August 1, 2012

Handsome Jan

 
There ought to be a law against parties held by graduate students in the humanities.  The world is full of misery as it is.  Why add another couple of hours spent on a rickety chair in a dimly lit room filled with old but still useful furniture and young but already useless people? 
       I went anyway because I heard that Alina was leaving the Ph.D. program to attend medical school.  By the end of spring she would move to another city, and after that the only way for me to get naked with her would be to become one of the cadavers in her first year anatomy course.  The party was my last chance.

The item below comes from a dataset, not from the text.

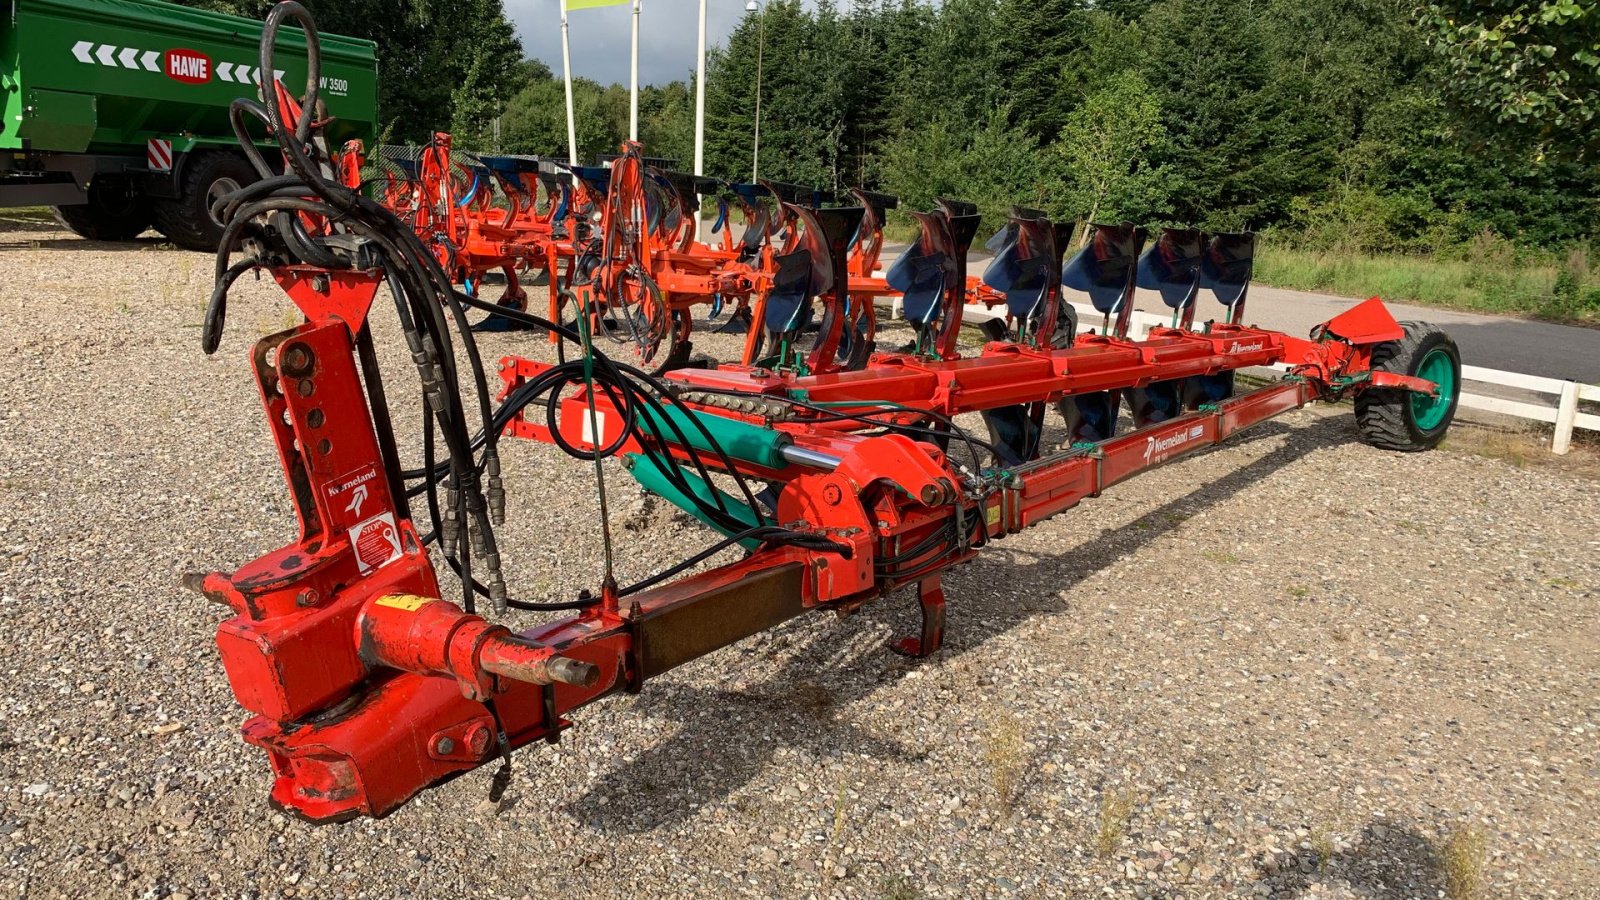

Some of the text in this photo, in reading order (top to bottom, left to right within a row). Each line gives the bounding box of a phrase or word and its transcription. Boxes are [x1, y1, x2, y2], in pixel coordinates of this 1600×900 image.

[170, 54, 207, 79] HAWE
[329, 78, 348, 92] 3500
[1154, 427, 1188, 454] Kverneland
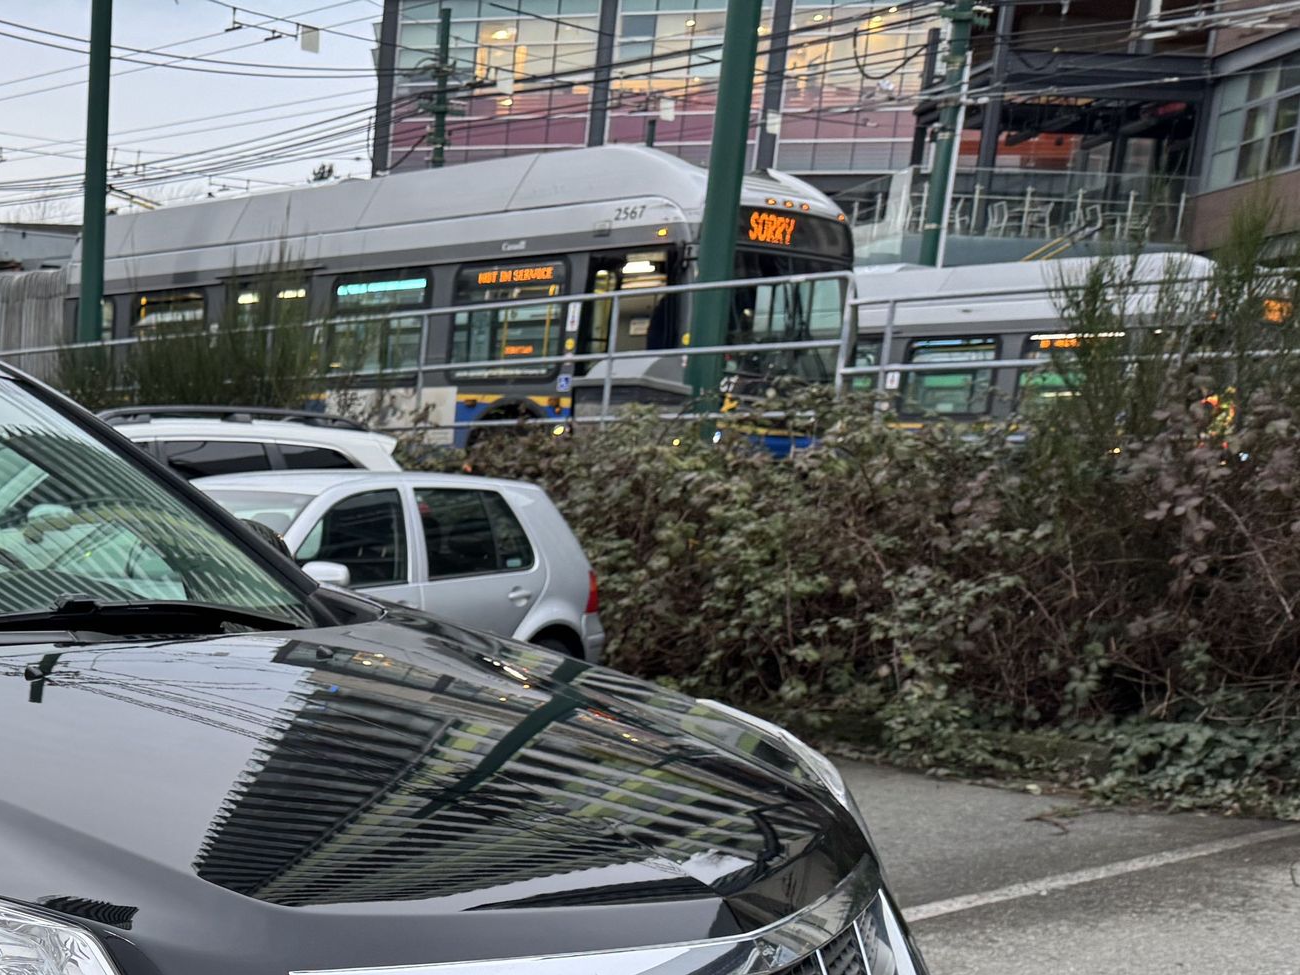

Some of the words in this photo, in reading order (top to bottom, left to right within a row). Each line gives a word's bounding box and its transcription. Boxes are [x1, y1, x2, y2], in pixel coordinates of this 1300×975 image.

Sitting immediately to my right, Alina looked graceful even in a sagging armchair whose faded upholstery was pockmarked by cigarette burns dating back to the days of unfiltered Luckies.  Despite her proximity I still had to compete for her attention against a loud, carefully modulated voice coming from across the long coffee table with its de rigueur display of local beer, cheap wine, and unhealthy snacks.  The voice belonged to Jan – an improbably tall and even more improbably handsome Dutchman in his late twenties who shared a large sofa with his diminutive girlfriend and two other students.  For someone with years of advanced training in reflective thinking, Handsome Jan’s conception of the world and his place therein was remarkably uncomplicated: he talked, the world listened, and anything outside this binary relation was a Kantian ding an sich, forever unknowable and therefore of dubious ontological significance at best.
       
And talk he did.  About film (Tarkovsky was a second-rate Bill Viola), science (it is only one narrative among many), music (avant-garde composers are wimps for not embracing ultrasound), and just about everything else under the sun.  None of it  was deeper than the opening paragraph of a Wikipedia article, but Handsome Jan spoke with the quiet authority of a man who, in the midst of a miserable academic job market, had received two tenure-track offers, both from big research universities in highly desirable locations.  Without having published a single page, he was already a hit, a smashing success.  Short of a sudden massive stroke, nothing could stop Handsome Jan from talking.
        
Or so I thought until it was proved otherwise by an unfamiliar guy who, unnoticed by anyone, sat quietly on the floor just to the side of the open door, his back against the wall and a bottle of beer in his hand.  As I was getting ready to ask Alina for a date, a pizza delivery boy holding cardboard boxes materialized in the doorway and asked the guy by the door who ordered the pizza.  The guy by the door pointed toward the sofa - where Handsome Jan was in the middle of untangling another convoluted metaphor (something about the non-Euclidean aesthetic of Frank Gehry’s buildings) - and suggested loudly enough for everyone to hear:  “Ask the erudite faggot over there.  He seems to know everything.”  He then took another sip of beer, put the bottle down on the floor, stood up and walked out of the room without saying another word.
        
During the long moment of silence that followed his departure my eyes overflowed with tears because I nearly choked on a potato chip while trying to suppress a yelp of joy.  Before I could reach for a napkin to wipe the tears off my cheeks, Alina suddenly leaned over, put her hand on my knee and, looking into my teary eyes, quietly said: “Don’t pay any attention to that homophobic asshole.”  
        
By the time I got the full import of her compassionate advice (the potato chip still in my mouth) Alina was already at the other end of the room, with her coat on and heading for the door.  I thought of running after her to say something to clear up the misunderstanding, but decided this would only push me deeper into the closet she had already built for me in her mind.  So I busied myself with a slice of pizza instead, and before long a damp night cab was carrying my deflated hopes across the river back to my apartment in a more expensive but no less depressing part of town.
        
I never found out who the laconic guy was, except that his pointed choice of words all but guaranteed that he was not in any way affiliated with the university.  Perhaps he was one of those neighborhood types who go to such parties to score free booze and an occasional gender studies major who likes to get ravished by a hairy brute before writing another chapter of her thesis on the metaphysics of male oppression.  Whoever this guy was, I remain grateful to him for having convinced me, once and for all, that in conversations, lectures, peer-reviewed articles, and scholarly monographs one should always follow the same principle one does when being interviewed by law enforcement officials: It is never too early to shut the fuck up.

4 comments:

Caleb Deupree said...

LOL, thanks, Boom! Brightened my day considerably.

laybl said...

Nothing beats Ring Lardner's famous line, a father's response to his daughter's asking, "Daddy, is we lost?"

"Shut up.",he explained.

laybl said...

Sic semper Handsome Dans!

RMC said...

Many moments of merriment, for which many thanks! Did you miss the era in which Leonard Cohen was the obligatory accompaniment to these disasters?

It took me years to realise that Cohen is a genius, but many of his fans are, well, not.